Recently, Kissinger became obsessed with the revolution in artificial intelligence and its impact on society. While he hailed its potential benefits, he also saw its potential for destruction when applied to modern weaponry: “Our technology has outrun our understanding.”
Cardinal Dolan pointed out in his birthday tribute to Kissinger that while the term “history” is clearly understood, the term “culture” is more elusive. He explained that culture includes core characteristics such as value, faith, language, poetry, art, music, family and homeland: “Simply put, to engage is the noble art of furthering peace and security among countries without a knowledge of and reverence for culture, could only be half-hearted.”

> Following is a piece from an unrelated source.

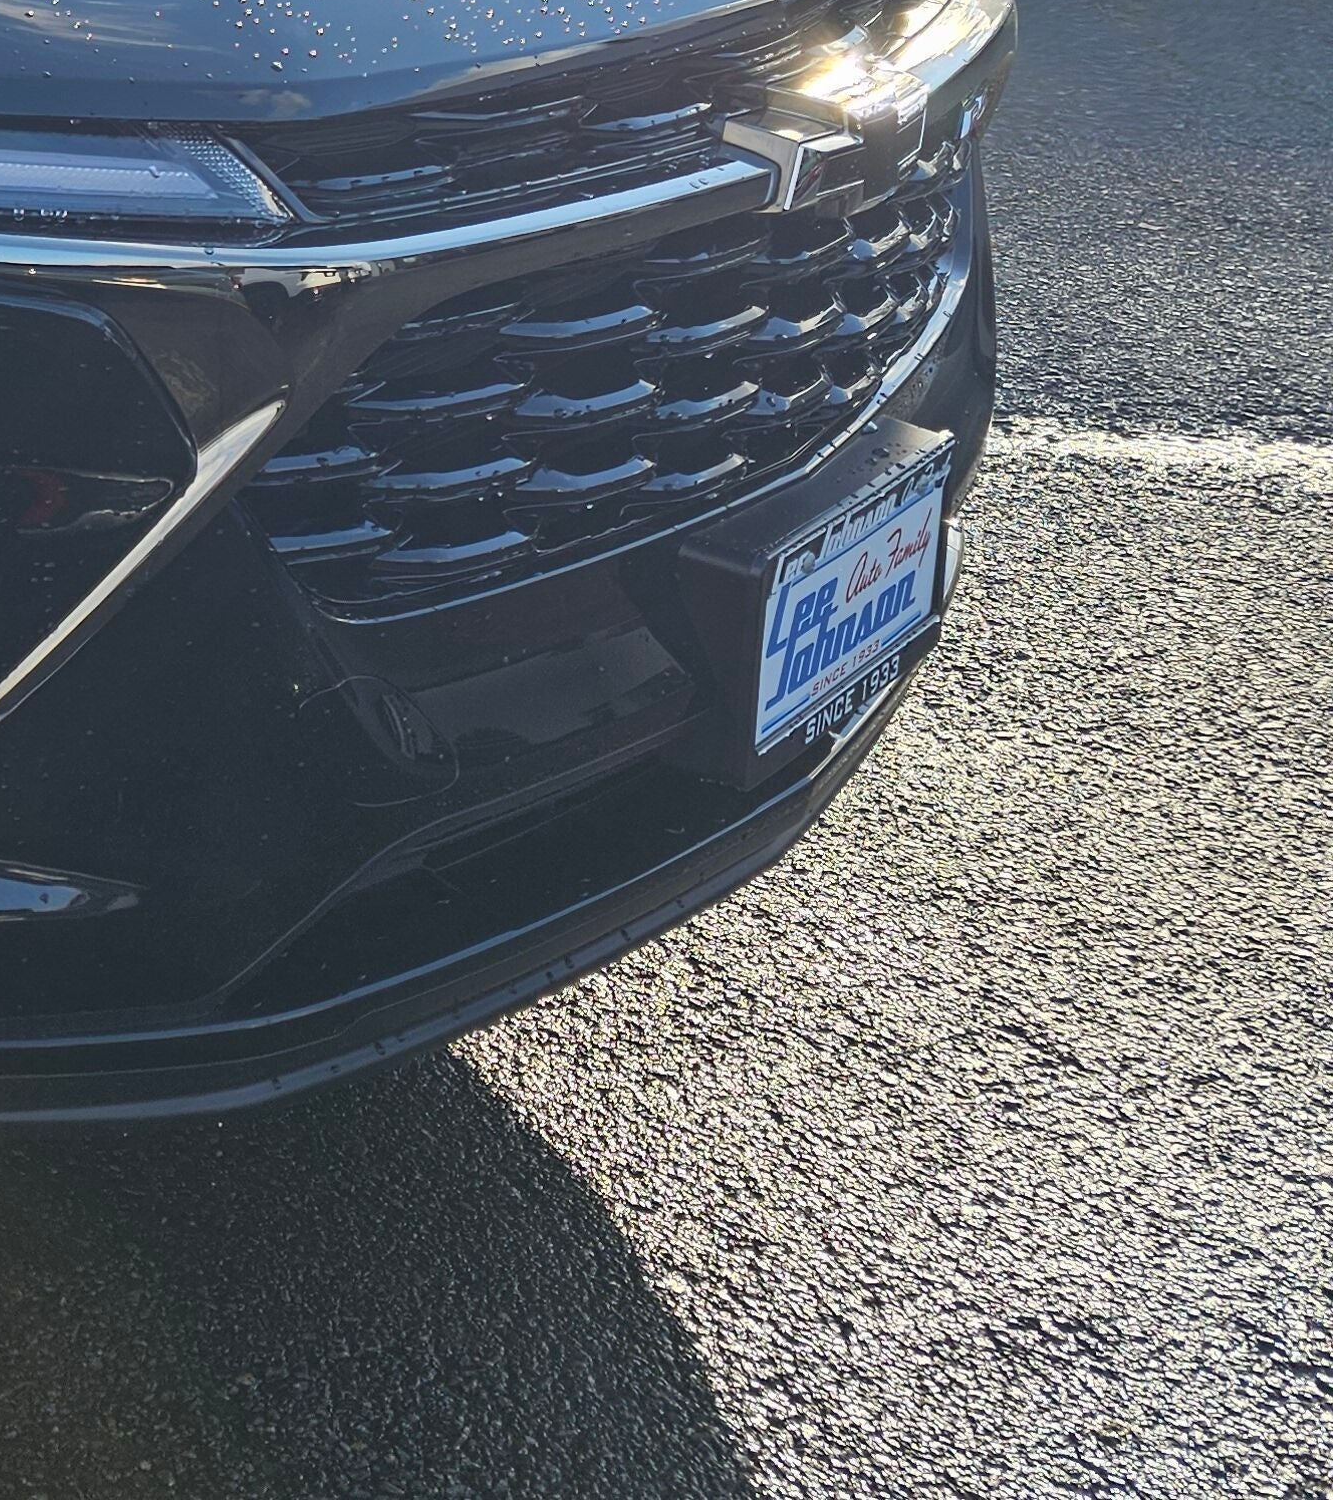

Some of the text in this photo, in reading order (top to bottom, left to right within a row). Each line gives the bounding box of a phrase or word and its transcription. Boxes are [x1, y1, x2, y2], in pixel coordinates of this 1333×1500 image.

When I spoke to Cardinal Dolan at the end of last year, he revealed many little-known aspects of Kissinger‘s character. He was fascinated by the Catholic Church and in awe of Pope John Paul II. We should not be surprised, he continued, that the chant “We want God” greeted the Holy Father when he returned to then-Communist Poland for those “nine days that changed the world” in June 1979.
In the same vein, he added, it was no surprise the subsequent revolution, which led to the crumbling of the Berlin Wall, would be led by a worker from Gdansk, Lech Wałęsa, wearing an icon of the Black Madonna, the “Queen of Poland”, on his lapel. Kissinger also spoke with affection for Benedict XVI, whom he had known well before his election as pope.
Perhaps surprisingly, Cardinal Dolan found his friend to be very humble, interested in asking questions of his interlocutor rather than making pronouncements. His wit and humour met its match in the cardinal himself, a key factor in their friendship over the years. On the specific issue of China-Vatican relations, Kissinger seems to have supported the controversial overtures to China made by the present Pope and lauded the underlying conciliatory approach that it reflected.
In 2014, at the invitation of Cardinal Dolan, Kissinger visited St Joseph’s Seminary, Dunwoodie, the seminary for the Archdiocese of New York, for a discussion moderated by the cardinal. Kissinger’s opening presentation was brief, and the rest of a long illuminating evening was spent in answering questions from the seminarians.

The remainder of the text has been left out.